WHAT YOU SHOULD DO -
Produce an exact copy of the lines from the line containing "this 2352×1568 image." through the last line of the entries below, and only those lines.

__________________________________________________

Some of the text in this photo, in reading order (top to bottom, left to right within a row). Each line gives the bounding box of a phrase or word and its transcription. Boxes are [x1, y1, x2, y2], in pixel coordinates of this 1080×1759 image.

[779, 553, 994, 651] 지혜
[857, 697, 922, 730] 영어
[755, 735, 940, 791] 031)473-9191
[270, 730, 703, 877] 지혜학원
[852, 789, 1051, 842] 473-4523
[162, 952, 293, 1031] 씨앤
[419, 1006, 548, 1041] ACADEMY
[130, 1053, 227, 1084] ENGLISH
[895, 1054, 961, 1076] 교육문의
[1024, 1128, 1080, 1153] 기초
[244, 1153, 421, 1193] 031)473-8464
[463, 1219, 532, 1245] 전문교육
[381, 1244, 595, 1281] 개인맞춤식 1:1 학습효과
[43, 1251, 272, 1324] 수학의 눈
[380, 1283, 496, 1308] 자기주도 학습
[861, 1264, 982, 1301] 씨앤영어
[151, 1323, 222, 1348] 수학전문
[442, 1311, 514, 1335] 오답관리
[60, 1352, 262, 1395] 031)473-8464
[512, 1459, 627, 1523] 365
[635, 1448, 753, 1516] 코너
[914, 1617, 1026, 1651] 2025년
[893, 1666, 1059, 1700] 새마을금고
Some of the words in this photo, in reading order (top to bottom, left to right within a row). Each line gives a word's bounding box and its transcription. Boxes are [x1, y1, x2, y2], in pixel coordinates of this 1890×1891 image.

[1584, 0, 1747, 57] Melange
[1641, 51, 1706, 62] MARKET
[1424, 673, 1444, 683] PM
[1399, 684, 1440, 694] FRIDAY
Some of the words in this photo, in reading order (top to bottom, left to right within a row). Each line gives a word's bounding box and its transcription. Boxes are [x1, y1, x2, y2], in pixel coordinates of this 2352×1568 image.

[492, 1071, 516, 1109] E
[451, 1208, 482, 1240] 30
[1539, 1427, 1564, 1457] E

__________________________________________________

RESPONSE TO THE TASK -
Some of the words in this photo, in reading order (top to bottom, left to right within a row). Each line gives a word's bounding box and its transcription. Boxes are [x1, y1, x2, y2], in pixel coordinates of this 2352×1568 image.

[492, 1071, 516, 1109] E
[451, 1208, 482, 1240] 30
[1539, 1427, 1564, 1457] E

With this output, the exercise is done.